I finally got here. I’m working in an orphanage run by Irish nuns and nurses. Sister Christina is the boss nun. She’s over sixty, but you wouldn’t know it. I’ve never seen anyone work so hard. She never stops. There are over two hundred children here. I help feed them and teach them, and every evening I do my clowning show and try to send them to bed happy. Some of them find going to sleep very difficult – not surprising when you think what they’ve been through. One of the boys, Gahamire, doesn’t speak at all because he’s been so frightened. I want to help him speak again if I can. From my window, I can see a big mountain with clouds around the top. They say lots of gorillas live up there. Haven’t seen one yet though. Lots of love, Matt

P.S. Did my swallows fly?

The card to Olly’s mother said more about the orphanage, about the plight of the children, how undernourished and weak some of them were, how terribly wounded – some without legs after stepping on landmines. He gave no address. He just said he would write again. They put their cards on the mantelpiece either side of the silver framed photograph of Olly’s father and, for a while at least, Matt’s cards were enough to lift the gloom about the house.
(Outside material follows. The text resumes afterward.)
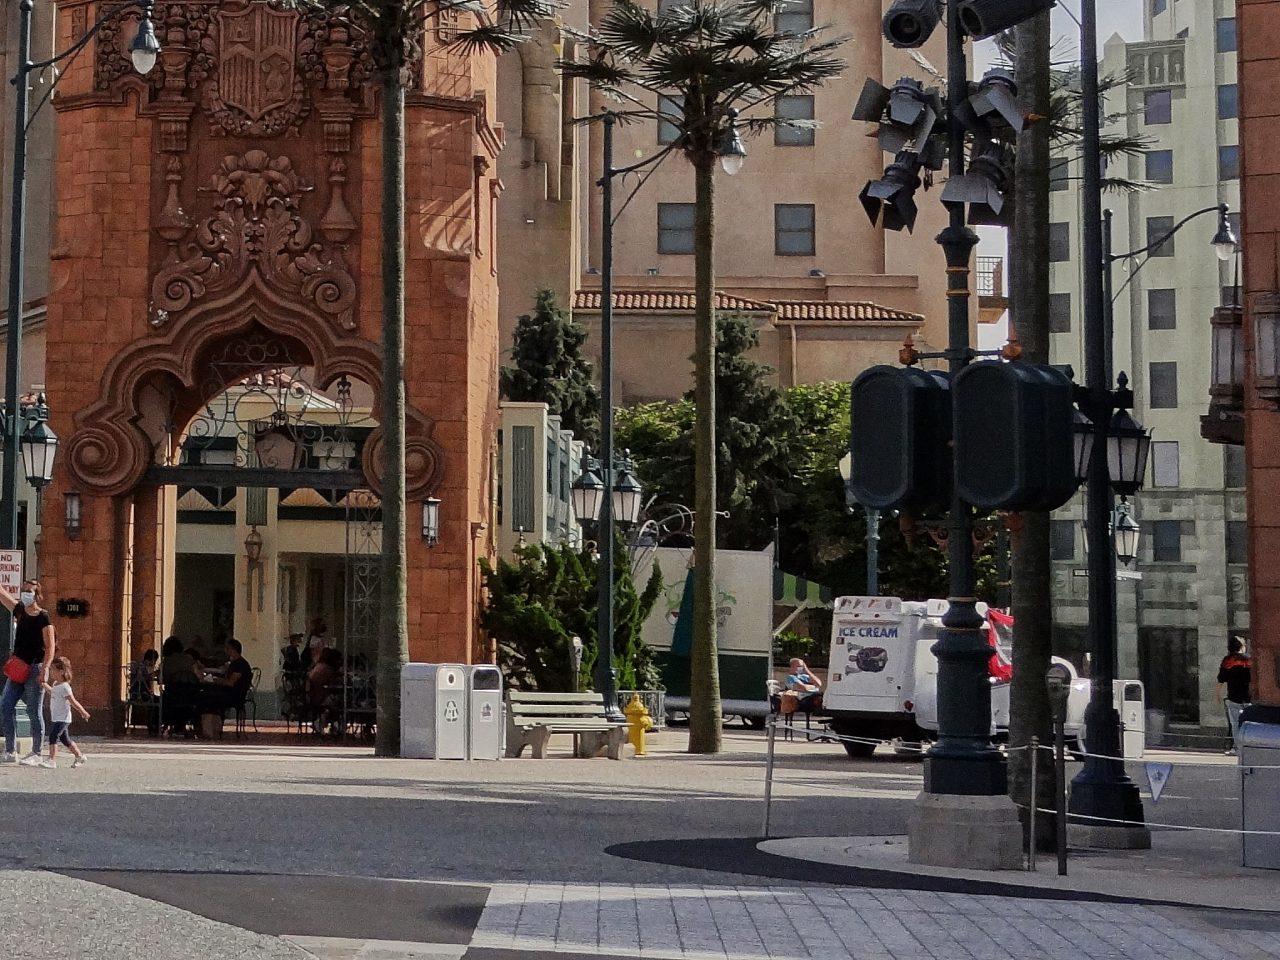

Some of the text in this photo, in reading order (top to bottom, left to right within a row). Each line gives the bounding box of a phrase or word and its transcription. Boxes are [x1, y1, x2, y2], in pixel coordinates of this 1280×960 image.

[0, 554, 12, 562] NO
[1, 574, 10, 583] IN
[838, 627, 898, 638] ICE CREAM
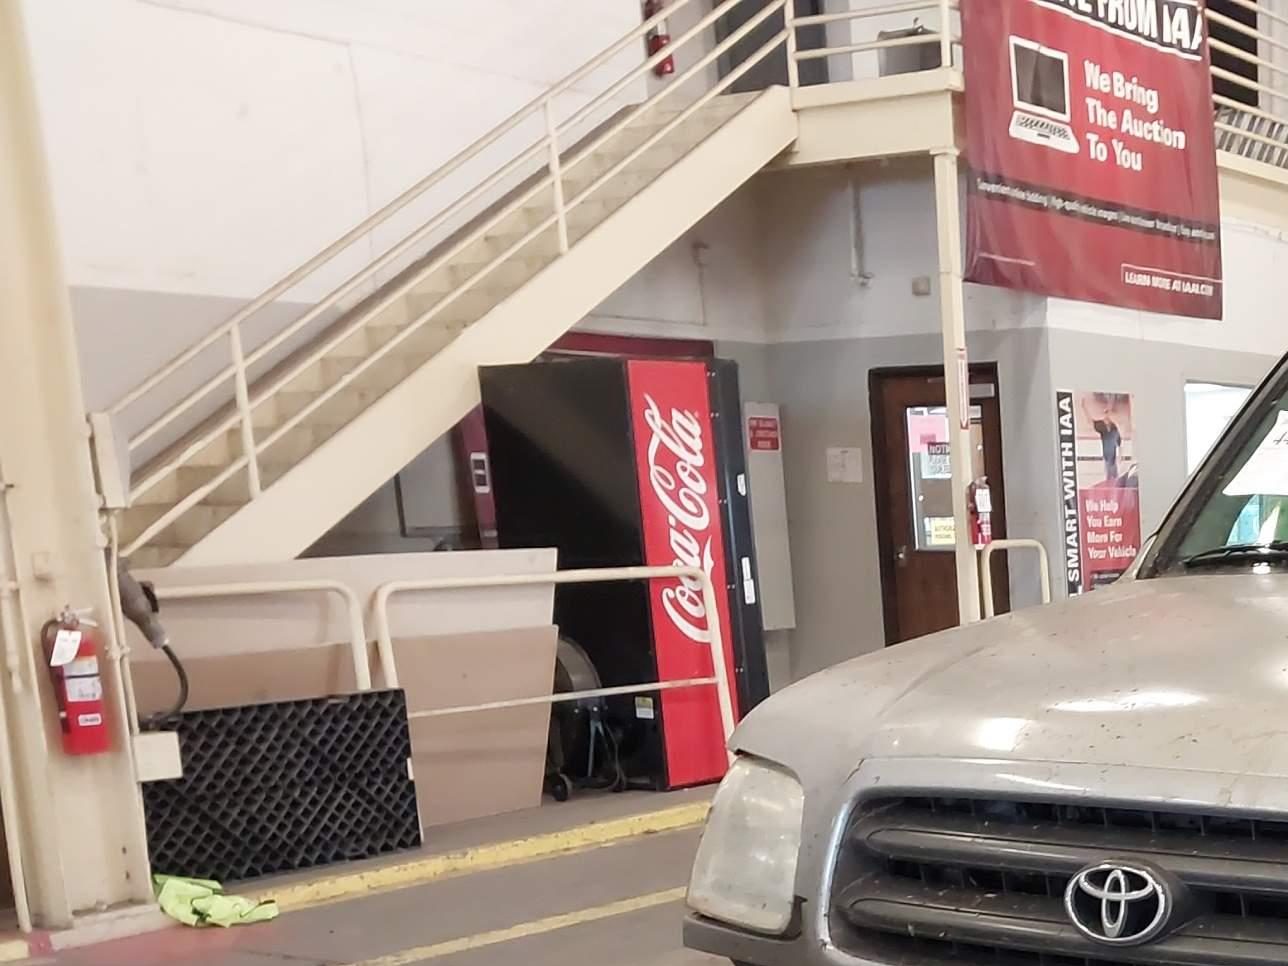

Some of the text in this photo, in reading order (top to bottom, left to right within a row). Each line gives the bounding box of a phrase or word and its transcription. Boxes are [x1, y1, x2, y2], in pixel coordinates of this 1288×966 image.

Olly went off to school for the new term with a spring in her step. The dark rings of anxiety under her mother’s eyes all but vanished. Now both of them could at least picture the place where Matt lived, and what he was doing. One evening, they took out the atlas. Olly’s mother remembered a film she’d seen
about a mountain in Rwanda where gorillas lived. She worked out it must be somewhere in the Virunga range, near Lake Kivu. So now they knew roughly where he was. All of this helped, for a time; but then fresh doubts and anxieties began to surface once again.
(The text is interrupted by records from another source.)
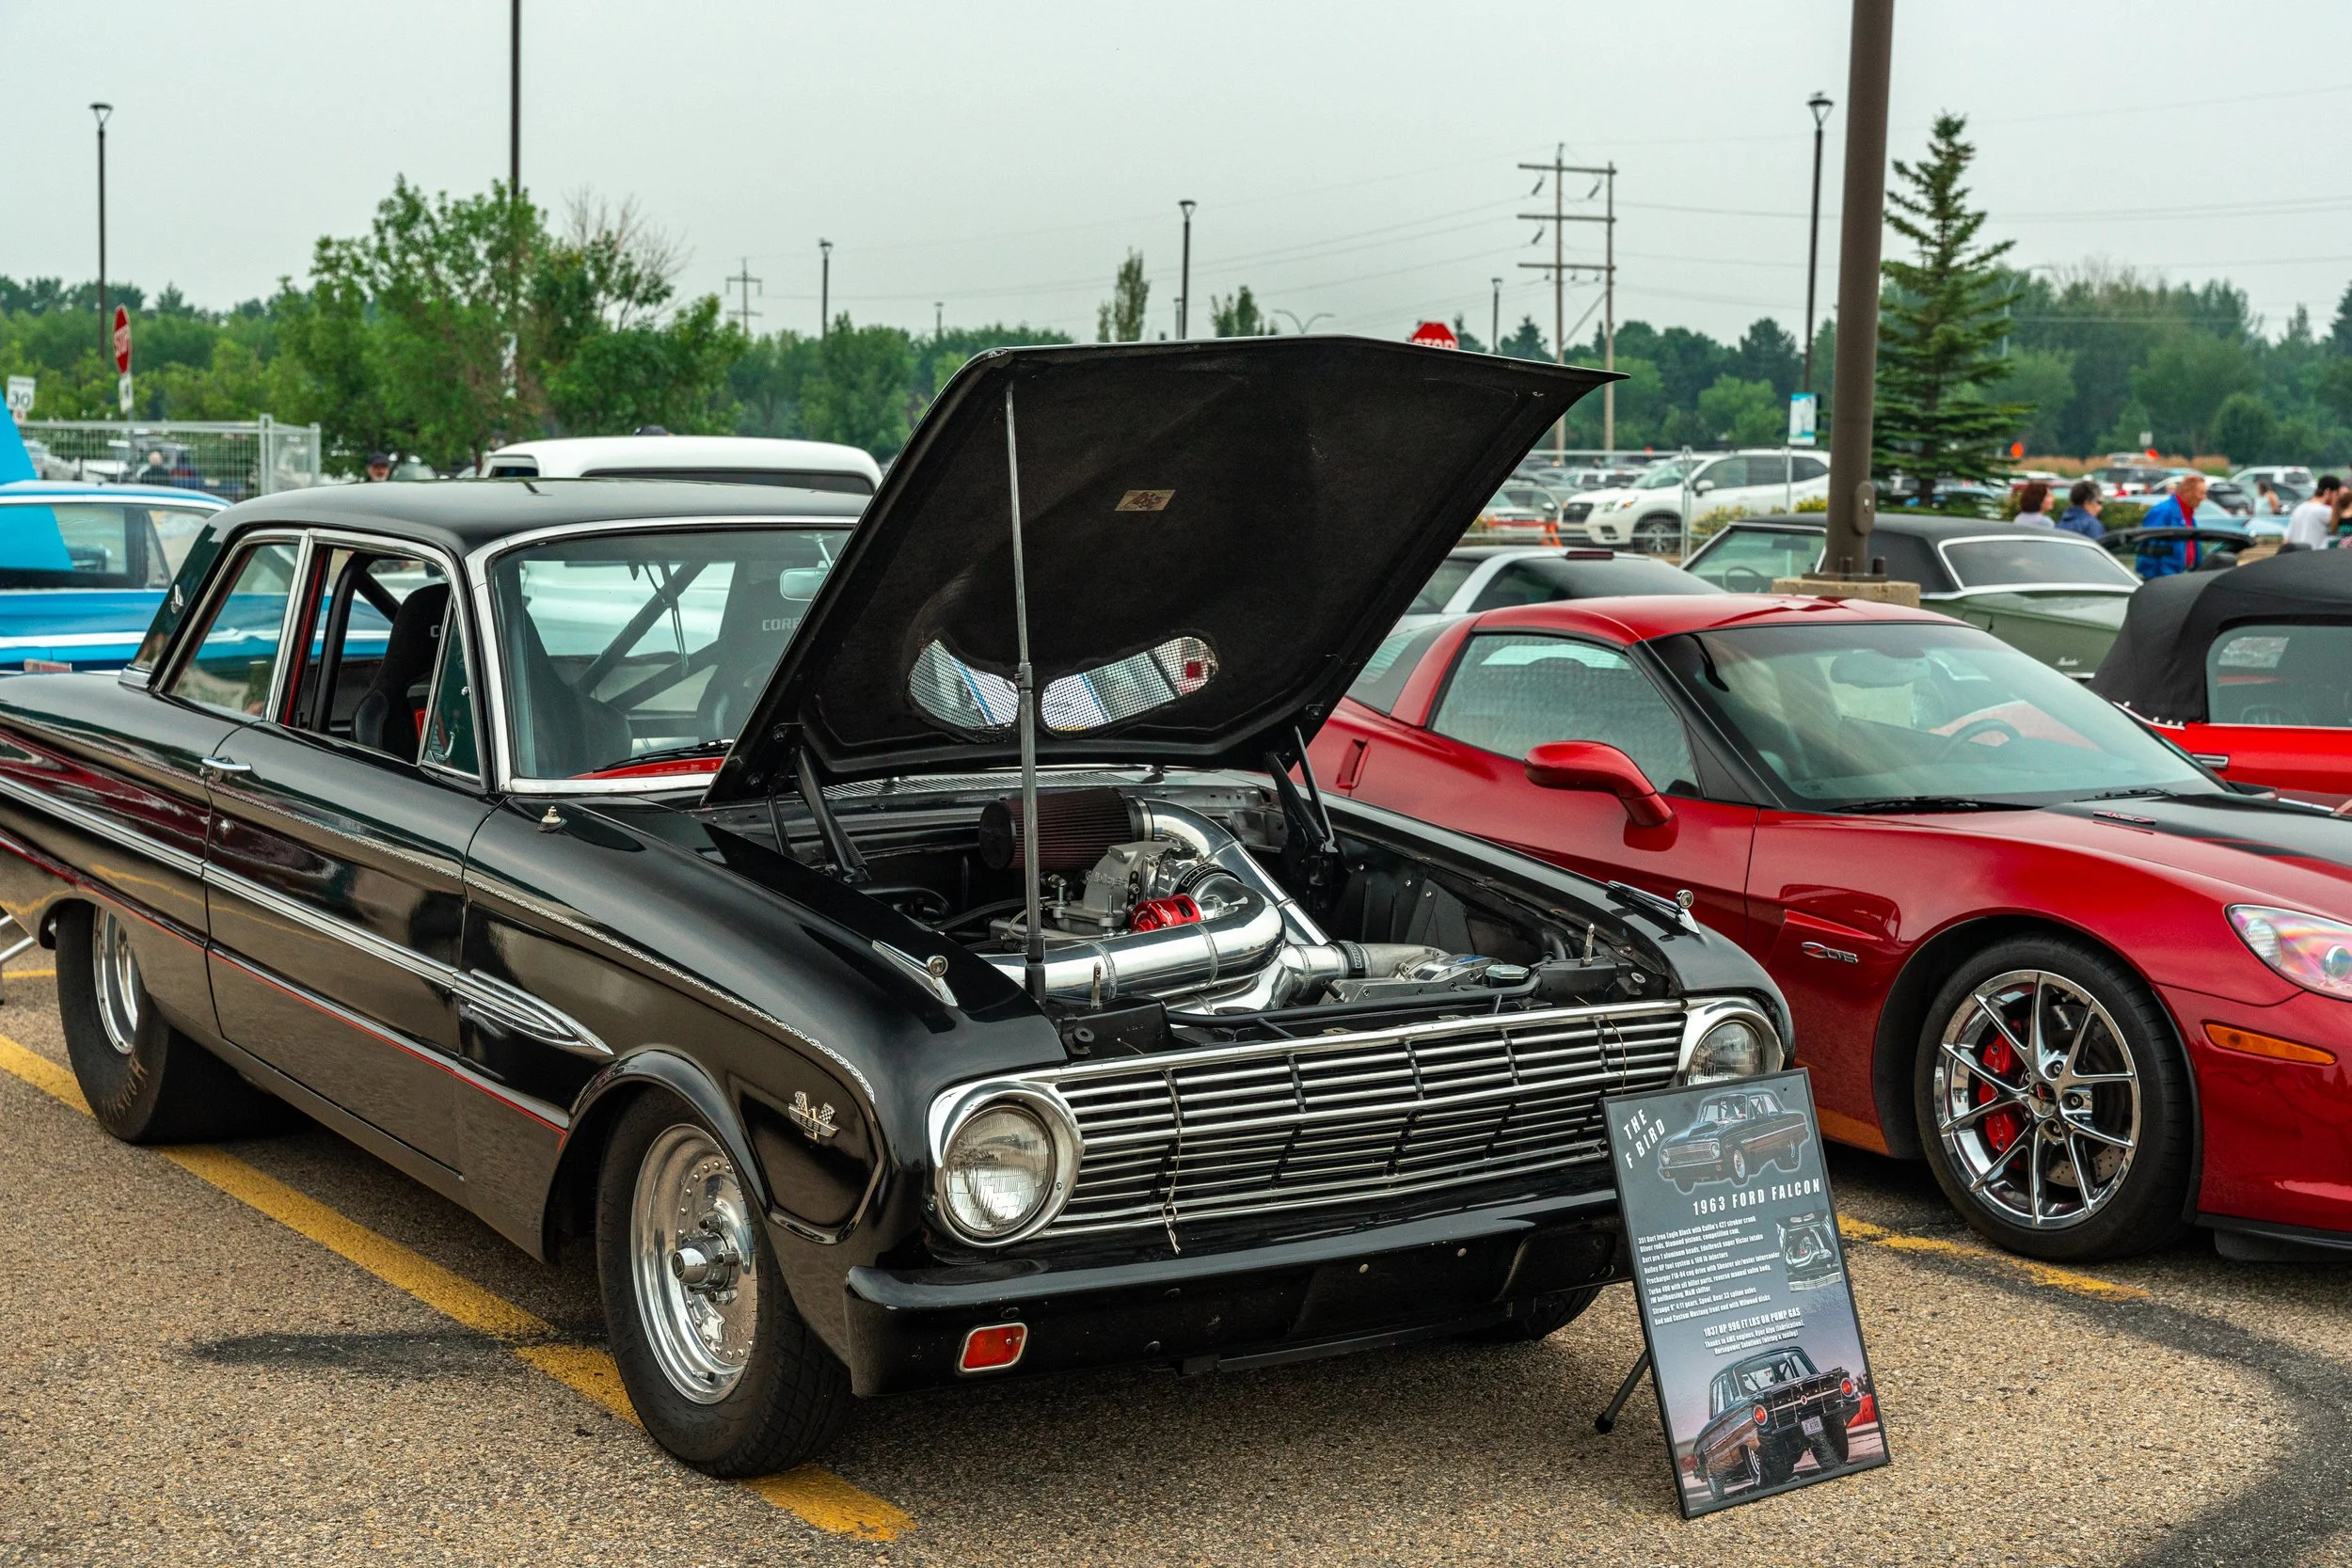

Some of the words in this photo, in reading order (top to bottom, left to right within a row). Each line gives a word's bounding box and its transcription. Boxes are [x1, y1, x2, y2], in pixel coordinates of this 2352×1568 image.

[1624, 1109, 1647, 1140] THE
[1626, 1152, 1633, 1169] F
[1635, 1119, 1665, 1158] BIRD
[1693, 1197, 1725, 1215] 1963
[1732, 1190, 1764, 1208] FORD
[1772, 1180, 1820, 1200] FALCON
[1665, 1239, 1683, 1247] Diamond
[1703, 1230, 1728, 1240] competition
[1663, 1249, 1685, 1259] aluminum
[1700, 1242, 1722, 1251] Edelbrock
[1675, 1259, 1690, 1268] system
[1646, 1275, 1670, 1285] Procharger
[1713, 1273, 1730, 1281] reverse
[1730, 1270, 1746, 1278] manual
[1652, 1306, 1669, 1315] Strange
[1730, 1290, 1743, 1298] spline
[1673, 1312, 1689, 1322] Custom
[1690, 1308, 1708, 1318] Mustang
[1703, 1326, 1718, 1337] 1037
[1719, 1323, 1726, 1334] HP
[1727, 1321, 1740, 1332] 996
[1740, 1319, 1748, 1328] FT
[1748, 1317, 1760, 1326] LBS
[1760, 1314, 1770, 1323] ON
[1770, 1310, 1788, 1322] PUMP
[1788, 1307, 1800, 1318] GAS
[1705, 1338, 1720, 1348] Thanks
[1740, 1338, 1761, 1349] Solutions
“Why didn’t he leave his address?” Olly asked. “Then we could write back to him.”

“Maybe he just forgot,” her mother replied. In their hearts though, both of them knew the real answer. Matt wanted to do what he was doing alone, without them. He’s flown the nest, Olly thought, like the swallows in the garage, he’s flown the nest and gone. Sometimes, when she was feeling sad, she even hated him for it, but never for long. It was hard, hard for her and her mother, but at least they knew that Matt was alive and safe and well; and as time passed, and they became more used to his absence, they found they could be glad for him that he was at least doing what he wanted.
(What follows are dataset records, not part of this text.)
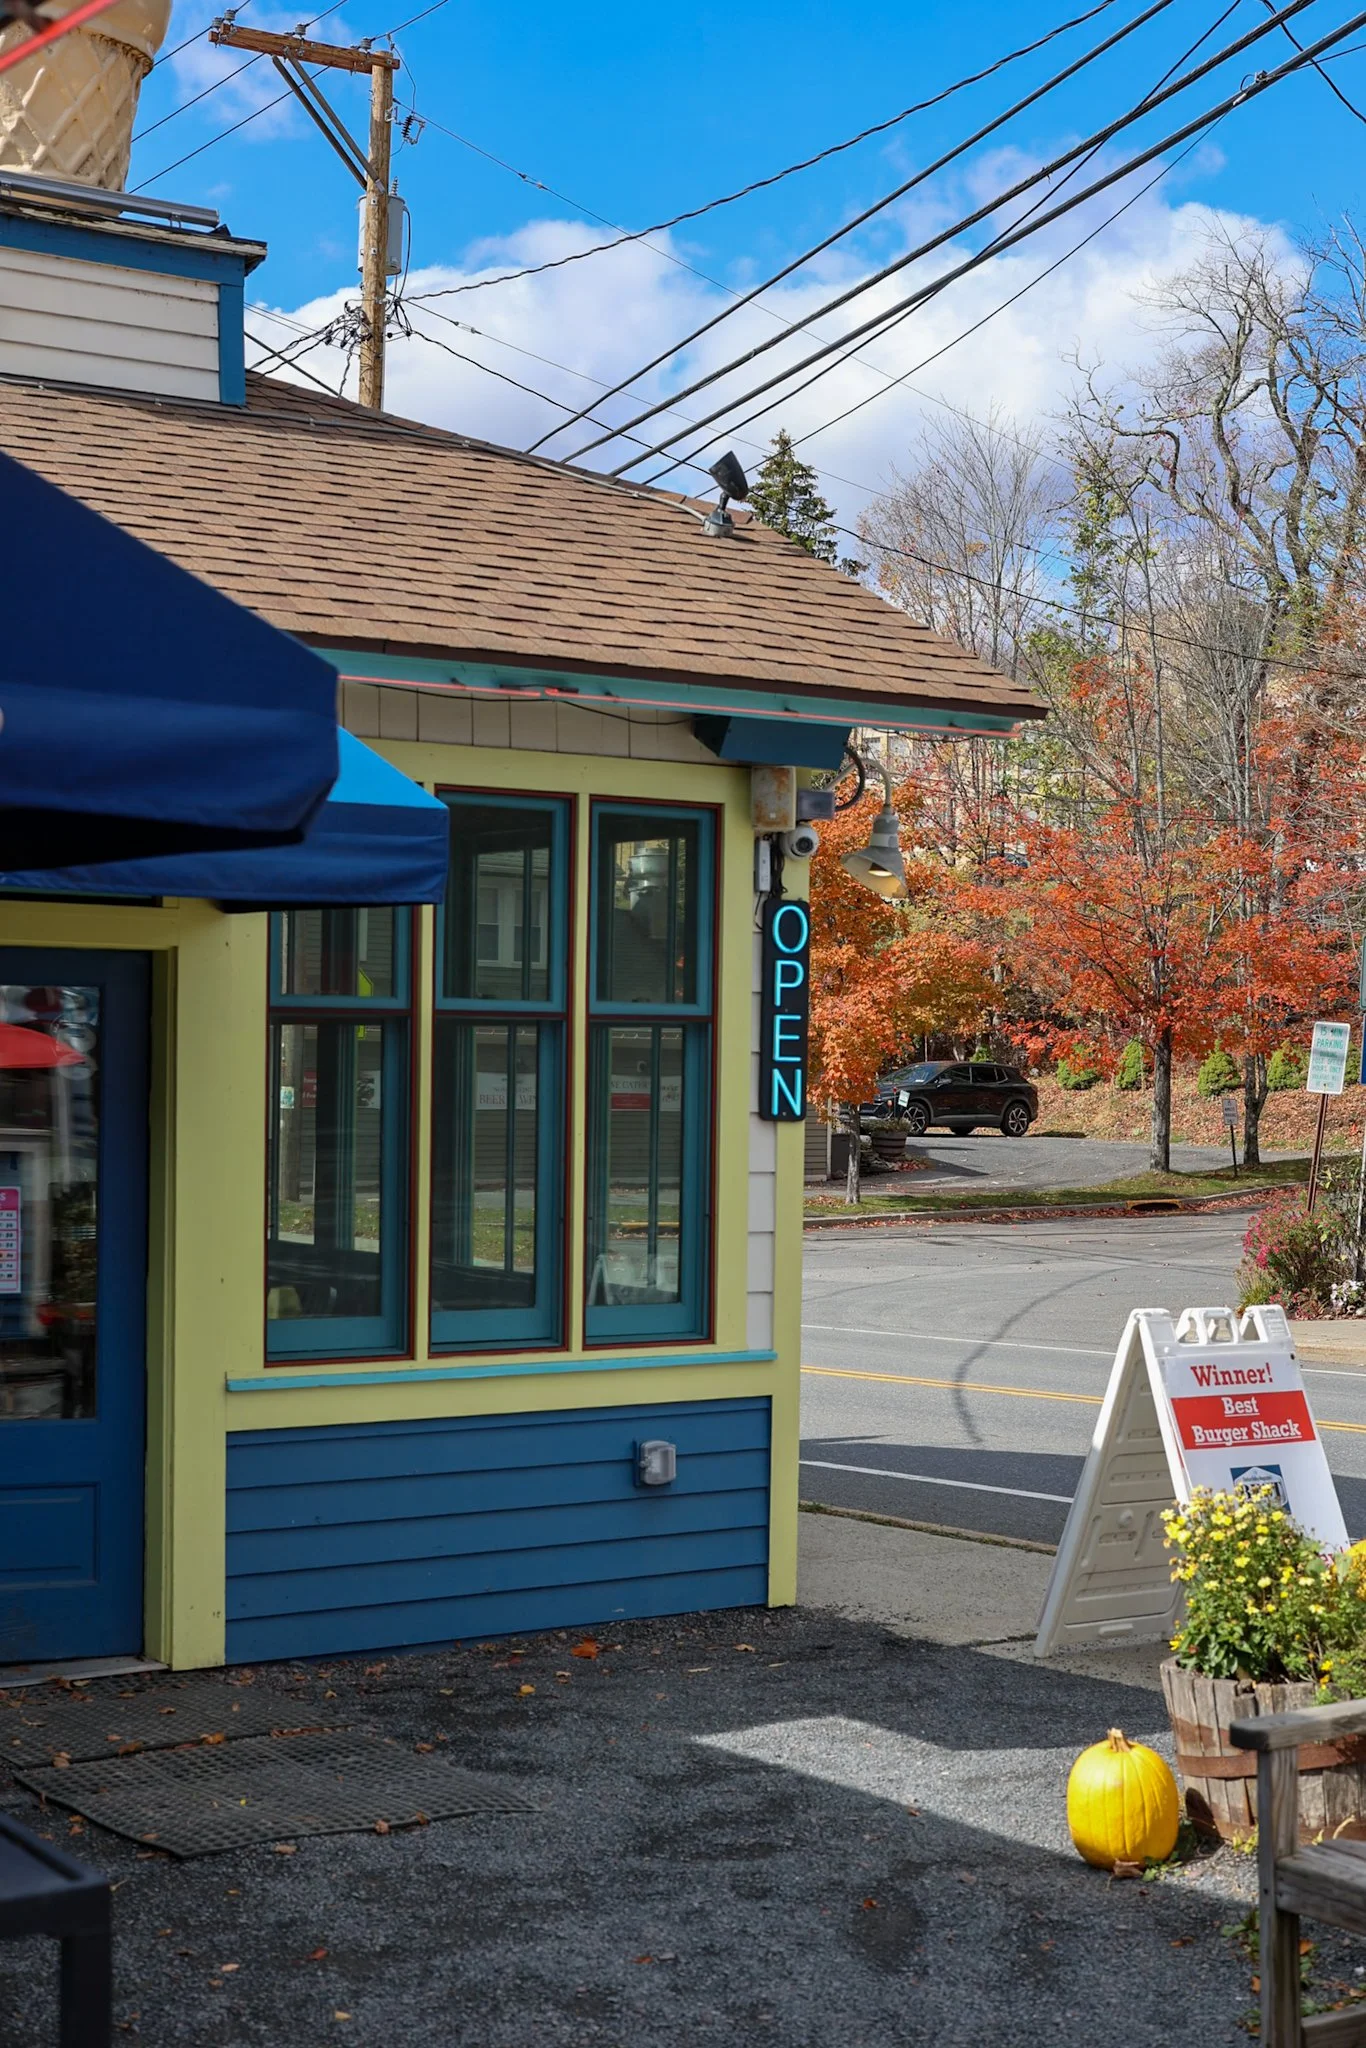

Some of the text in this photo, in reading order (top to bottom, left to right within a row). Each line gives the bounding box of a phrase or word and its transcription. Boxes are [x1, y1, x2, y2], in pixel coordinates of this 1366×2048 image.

[771, 904, 809, 1117] OPEN
[1320, 1027, 1327, 1036] 15
[1316, 1038, 1344, 1049] PARKING
[1190, 1362, 1273, 1387] Winner!
[1221, 1397, 1259, 1415] Best
[1191, 1419, 1302, 1446] Burger Shack
Then Olly came back from school one afternoon and noticed a swallow flying in and out of the garage. She climbed up into the hide to get a closer look. There
was another swallow sitting on the nest. So once again Olly’s mother found her car banished to the street, and once again whenever she wasn’t at school Olly found herself on guard duty up in the hide. She took her mug of tea with her. She even did her homework there sometimes.